**Information provided**.
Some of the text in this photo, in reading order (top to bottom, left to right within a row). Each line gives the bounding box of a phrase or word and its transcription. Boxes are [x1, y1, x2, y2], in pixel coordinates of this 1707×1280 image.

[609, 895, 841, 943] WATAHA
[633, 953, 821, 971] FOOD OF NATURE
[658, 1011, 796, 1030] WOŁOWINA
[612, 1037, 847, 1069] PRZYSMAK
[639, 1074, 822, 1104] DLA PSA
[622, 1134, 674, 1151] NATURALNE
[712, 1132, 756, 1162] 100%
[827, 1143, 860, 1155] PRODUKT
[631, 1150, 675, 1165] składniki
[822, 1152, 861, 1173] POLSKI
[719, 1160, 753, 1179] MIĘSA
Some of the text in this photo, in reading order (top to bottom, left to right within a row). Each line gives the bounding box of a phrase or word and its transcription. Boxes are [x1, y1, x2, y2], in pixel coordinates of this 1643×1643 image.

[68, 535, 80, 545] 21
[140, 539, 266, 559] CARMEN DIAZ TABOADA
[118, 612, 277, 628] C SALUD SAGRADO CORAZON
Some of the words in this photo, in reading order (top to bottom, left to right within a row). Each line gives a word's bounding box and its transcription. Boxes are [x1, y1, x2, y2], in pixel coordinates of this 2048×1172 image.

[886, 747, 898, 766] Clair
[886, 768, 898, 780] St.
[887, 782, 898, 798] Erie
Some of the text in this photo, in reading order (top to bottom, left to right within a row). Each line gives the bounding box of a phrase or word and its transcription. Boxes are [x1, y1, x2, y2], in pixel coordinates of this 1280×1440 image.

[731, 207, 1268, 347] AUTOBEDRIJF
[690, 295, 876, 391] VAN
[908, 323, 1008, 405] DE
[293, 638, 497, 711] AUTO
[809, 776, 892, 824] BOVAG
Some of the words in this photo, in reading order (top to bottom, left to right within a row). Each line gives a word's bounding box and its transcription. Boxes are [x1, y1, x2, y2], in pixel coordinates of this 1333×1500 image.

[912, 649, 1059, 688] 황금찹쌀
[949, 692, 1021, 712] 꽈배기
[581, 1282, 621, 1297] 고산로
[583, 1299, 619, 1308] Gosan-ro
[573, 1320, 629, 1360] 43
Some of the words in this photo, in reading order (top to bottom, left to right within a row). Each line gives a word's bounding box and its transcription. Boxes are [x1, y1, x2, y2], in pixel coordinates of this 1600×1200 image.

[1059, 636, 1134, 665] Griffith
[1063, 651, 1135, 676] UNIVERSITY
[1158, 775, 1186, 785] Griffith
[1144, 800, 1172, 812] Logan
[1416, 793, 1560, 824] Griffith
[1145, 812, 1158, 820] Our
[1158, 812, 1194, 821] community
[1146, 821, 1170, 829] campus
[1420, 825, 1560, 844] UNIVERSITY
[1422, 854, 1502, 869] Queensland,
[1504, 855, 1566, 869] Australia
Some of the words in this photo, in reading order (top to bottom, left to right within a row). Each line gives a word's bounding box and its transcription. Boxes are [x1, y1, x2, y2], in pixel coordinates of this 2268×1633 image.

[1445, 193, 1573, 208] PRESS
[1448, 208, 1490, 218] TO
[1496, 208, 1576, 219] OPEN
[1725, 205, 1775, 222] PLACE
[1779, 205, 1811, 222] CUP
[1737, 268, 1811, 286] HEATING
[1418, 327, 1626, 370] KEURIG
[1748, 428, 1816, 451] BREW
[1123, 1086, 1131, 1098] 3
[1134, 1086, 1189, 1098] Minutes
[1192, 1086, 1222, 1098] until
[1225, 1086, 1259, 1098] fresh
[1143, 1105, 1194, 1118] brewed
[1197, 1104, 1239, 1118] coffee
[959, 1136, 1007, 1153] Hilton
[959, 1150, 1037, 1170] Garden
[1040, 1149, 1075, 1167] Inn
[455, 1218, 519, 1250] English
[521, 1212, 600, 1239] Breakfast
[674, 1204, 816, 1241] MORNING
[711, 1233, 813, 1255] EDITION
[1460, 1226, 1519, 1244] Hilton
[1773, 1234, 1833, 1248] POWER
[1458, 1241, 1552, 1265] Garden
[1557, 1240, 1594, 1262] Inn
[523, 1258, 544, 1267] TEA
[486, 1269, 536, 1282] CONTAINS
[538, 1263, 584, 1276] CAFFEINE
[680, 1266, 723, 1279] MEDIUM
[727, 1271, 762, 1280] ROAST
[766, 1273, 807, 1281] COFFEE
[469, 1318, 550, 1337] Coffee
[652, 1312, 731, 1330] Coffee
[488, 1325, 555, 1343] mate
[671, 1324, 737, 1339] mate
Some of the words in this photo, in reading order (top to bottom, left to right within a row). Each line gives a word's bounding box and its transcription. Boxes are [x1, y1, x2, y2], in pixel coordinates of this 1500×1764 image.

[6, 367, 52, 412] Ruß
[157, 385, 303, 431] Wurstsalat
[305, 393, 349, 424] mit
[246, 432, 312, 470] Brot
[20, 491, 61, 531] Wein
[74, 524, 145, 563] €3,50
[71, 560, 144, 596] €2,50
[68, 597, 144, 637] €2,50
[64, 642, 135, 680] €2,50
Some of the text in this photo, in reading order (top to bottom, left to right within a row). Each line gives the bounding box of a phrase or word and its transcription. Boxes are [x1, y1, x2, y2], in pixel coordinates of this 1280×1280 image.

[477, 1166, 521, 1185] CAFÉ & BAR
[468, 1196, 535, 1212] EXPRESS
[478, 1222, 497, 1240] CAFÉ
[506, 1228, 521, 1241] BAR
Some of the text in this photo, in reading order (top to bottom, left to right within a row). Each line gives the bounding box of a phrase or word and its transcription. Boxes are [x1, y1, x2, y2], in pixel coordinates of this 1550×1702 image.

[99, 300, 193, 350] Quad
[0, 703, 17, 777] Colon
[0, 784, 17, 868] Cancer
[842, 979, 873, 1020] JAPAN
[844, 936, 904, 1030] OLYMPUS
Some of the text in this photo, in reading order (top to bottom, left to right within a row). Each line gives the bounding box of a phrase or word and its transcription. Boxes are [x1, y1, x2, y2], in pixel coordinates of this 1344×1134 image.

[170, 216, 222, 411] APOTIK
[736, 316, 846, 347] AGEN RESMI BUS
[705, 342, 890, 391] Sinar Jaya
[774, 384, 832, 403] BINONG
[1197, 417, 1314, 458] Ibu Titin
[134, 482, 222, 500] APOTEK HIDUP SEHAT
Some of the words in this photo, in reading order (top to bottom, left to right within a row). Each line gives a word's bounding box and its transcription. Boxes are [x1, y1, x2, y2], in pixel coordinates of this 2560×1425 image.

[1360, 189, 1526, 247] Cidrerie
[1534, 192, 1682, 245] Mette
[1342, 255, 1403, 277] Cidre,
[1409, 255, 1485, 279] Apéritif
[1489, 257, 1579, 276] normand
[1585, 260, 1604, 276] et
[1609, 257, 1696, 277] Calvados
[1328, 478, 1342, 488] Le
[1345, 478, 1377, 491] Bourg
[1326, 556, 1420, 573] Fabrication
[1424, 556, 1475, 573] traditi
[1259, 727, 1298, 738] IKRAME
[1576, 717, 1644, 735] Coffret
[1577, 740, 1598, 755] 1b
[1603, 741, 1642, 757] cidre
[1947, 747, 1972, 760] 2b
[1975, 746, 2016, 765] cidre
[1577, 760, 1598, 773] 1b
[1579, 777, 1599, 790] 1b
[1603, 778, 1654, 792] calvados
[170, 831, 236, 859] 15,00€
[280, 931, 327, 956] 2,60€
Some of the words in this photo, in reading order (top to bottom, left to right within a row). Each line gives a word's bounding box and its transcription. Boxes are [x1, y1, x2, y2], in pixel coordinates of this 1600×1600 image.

**Instructions to follow**.
Nothing should be changed: write out all of the data as is.

**Written solution**.
Some of the text in this photo, in reading order (top to bottom, left to right within a row). Each line gives the bounding box of a phrase or word and its transcription. Boxes are [x1, y1, x2, y2], in pixel coordinates of this 1707×1280 image.

[609, 895, 841, 943] WATAHA
[633, 953, 821, 971] FOOD OF NATURE
[658, 1011, 796, 1030] WOŁOWINA
[612, 1037, 847, 1069] PRZYSMAK
[639, 1074, 822, 1104] DLA PSA
[622, 1134, 674, 1151] NATURALNE
[712, 1132, 756, 1162] 100%
[827, 1143, 860, 1155] PRODUKT
[631, 1150, 675, 1165] składniki
[822, 1152, 861, 1173] POLSKI
[719, 1160, 753, 1179] MIĘSA
Some of the text in this photo, in reading order (top to bottom, left to right within a row). Each line gives the bounding box of a phrase or word and its transcription. Boxes are [x1, y1, x2, y2], in pixel coordinates of this 1643×1643 image.

[68, 535, 80, 545] 21
[140, 539, 266, 559] CARMEN DIAZ TABOADA
[118, 612, 277, 628] C SALUD SAGRADO CORAZON
Some of the words in this photo, in reading order (top to bottom, left to right within a row). Each line gives a word's bounding box and its transcription. Boxes are [x1, y1, x2, y2], in pixel coordinates of this 2048×1172 image.

[886, 747, 898, 766] Clair
[886, 768, 898, 780] St.
[887, 782, 898, 798] Erie
Some of the text in this photo, in reading order (top to bottom, left to right within a row). Each line gives the bounding box of a phrase or word and its transcription. Boxes are [x1, y1, x2, y2], in pixel coordinates of this 1280×1440 image.

[731, 207, 1268, 347] AUTOBEDRIJF
[690, 295, 876, 391] VAN
[908, 323, 1008, 405] DE
[293, 638, 497, 711] AUTO
[809, 776, 892, 824] BOVAG
Some of the words in this photo, in reading order (top to bottom, left to right within a row). Each line gives a word's bounding box and its transcription. Boxes are [x1, y1, x2, y2], in pixel coordinates of this 1333×1500 image.

[912, 649, 1059, 688] 황금찹쌀
[949, 692, 1021, 712] 꽈배기
[581, 1282, 621, 1297] 고산로
[583, 1299, 619, 1308] Gosan-ro
[573, 1320, 629, 1360] 43
Some of the words in this photo, in reading order (top to bottom, left to right within a row). Each line gives a word's bounding box and its transcription. Boxes are [x1, y1, x2, y2], in pixel coordinates of this 1600×1200 image.

[1059, 636, 1134, 665] Griffith
[1063, 651, 1135, 676] UNIVERSITY
[1158, 775, 1186, 785] Griffith
[1144, 800, 1172, 812] Logan
[1416, 793, 1560, 824] Griffith
[1145, 812, 1158, 820] Our
[1158, 812, 1194, 821] community
[1146, 821, 1170, 829] campus
[1420, 825, 1560, 844] UNIVERSITY
[1422, 854, 1502, 869] Queensland,
[1504, 855, 1566, 869] Australia
Some of the words in this photo, in reading order (top to bottom, left to right within a row). Each line gives a word's bounding box and its transcription. Boxes are [x1, y1, x2, y2], in pixel coordinates of this 2268×1633 image.

[1445, 193, 1573, 208] PRESS
[1448, 208, 1490, 218] TO
[1496, 208, 1576, 219] OPEN
[1725, 205, 1775, 222] PLACE
[1779, 205, 1811, 222] CUP
[1737, 268, 1811, 286] HEATING
[1418, 327, 1626, 370] KEURIG
[1748, 428, 1816, 451] BREW
[1123, 1086, 1131, 1098] 3
[1134, 1086, 1189, 1098] Minutes
[1192, 1086, 1222, 1098] until
[1225, 1086, 1259, 1098] fresh
[1143, 1105, 1194, 1118] brewed
[1197, 1104, 1239, 1118] coffee
[959, 1136, 1007, 1153] Hilton
[959, 1150, 1037, 1170] Garden
[1040, 1149, 1075, 1167] Inn
[455, 1218, 519, 1250] English
[521, 1212, 600, 1239] Breakfast
[674, 1204, 816, 1241] MORNING
[711, 1233, 813, 1255] EDITION
[1460, 1226, 1519, 1244] Hilton
[1773, 1234, 1833, 1248] POWER
[1458, 1241, 1552, 1265] Garden
[1557, 1240, 1594, 1262] Inn
[523, 1258, 544, 1267] TEA
[486, 1269, 536, 1282] CONTAINS
[538, 1263, 584, 1276] CAFFEINE
[680, 1266, 723, 1279] MEDIUM
[727, 1271, 762, 1280] ROAST
[766, 1273, 807, 1281] COFFEE
[469, 1318, 550, 1337] Coffee
[652, 1312, 731, 1330] Coffee
[488, 1325, 555, 1343] mate
[671, 1324, 737, 1339] mate
Some of the words in this photo, in reading order (top to bottom, left to right within a row). Each line gives a word's bounding box and its transcription. Boxes are [x1, y1, x2, y2], in pixel coordinates of this 1500×1764 image.

[6, 367, 52, 412] Ruß
[157, 385, 303, 431] Wurstsalat
[305, 393, 349, 424] mit
[246, 432, 312, 470] Brot
[20, 491, 61, 531] Wein
[74, 524, 145, 563] €3,50
[71, 560, 144, 596] €2,50
[68, 597, 144, 637] €2,50
[64, 642, 135, 680] €2,50
Some of the text in this photo, in reading order (top to bottom, left to right within a row). Each line gives the bounding box of a phrase or word and its transcription. Boxes are [x1, y1, x2, y2], in pixel coordinates of this 1280×1280 image.

[477, 1166, 521, 1185] CAFÉ & BAR
[468, 1196, 535, 1212] EXPRESS
[478, 1222, 497, 1240] CAFÉ
[506, 1228, 521, 1241] BAR
Some of the text in this photo, in reading order (top to bottom, left to right within a row). Each line gives the bounding box of a phrase or word and its transcription. Boxes are [x1, y1, x2, y2], in pixel coordinates of this 1550×1702 image.

[99, 300, 193, 350] Quad
[0, 703, 17, 777] Colon
[0, 784, 17, 868] Cancer
[842, 979, 873, 1020] JAPAN
[844, 936, 904, 1030] OLYMPUS
Some of the text in this photo, in reading order (top to bottom, left to right within a row). Each line gives the bounding box of a phrase or word and its transcription. Boxes are [x1, y1, x2, y2], in pixel coordinates of this 1344×1134 image.

[170, 216, 222, 411] APOTIK
[736, 316, 846, 347] AGEN RESMI BUS
[705, 342, 890, 391] Sinar Jaya
[774, 384, 832, 403] BINONG
[1197, 417, 1314, 458] Ibu Titin
[134, 482, 222, 500] APOTEK HIDUP SEHAT
Some of the words in this photo, in reading order (top to bottom, left to right within a row). Each line gives a word's bounding box and its transcription. Boxes are [x1, y1, x2, y2], in pixel coordinates of this 2560×1425 image.

[1360, 189, 1526, 247] Cidrerie
[1534, 192, 1682, 245] Mette
[1342, 255, 1403, 277] Cidre,
[1409, 255, 1485, 279] Apéritif
[1489, 257, 1579, 276] normand
[1585, 260, 1604, 276] et
[1609, 257, 1696, 277] Calvados
[1328, 478, 1342, 488] Le
[1345, 478, 1377, 491] Bourg
[1326, 556, 1420, 573] Fabrication
[1424, 556, 1475, 573] traditi
[1259, 727, 1298, 738] IKRAME
[1576, 717, 1644, 735] Coffret
[1577, 740, 1598, 755] 1b
[1603, 741, 1642, 757] cidre
[1947, 747, 1972, 760] 2b
[1975, 746, 2016, 765] cidre
[1577, 760, 1598, 773] 1b
[1579, 777, 1599, 790] 1b
[1603, 778, 1654, 792] calvados
[170, 831, 236, 859] 15,00€
[280, 931, 327, 956] 2,60€
Some of the words in this photo, in reading order (top to bottom, left to right within a row). Each line gives a word's bounding box and its transcription. Boxes are [x1, y1, x2, y2], in pixel coordinates of this 1600×1600 image.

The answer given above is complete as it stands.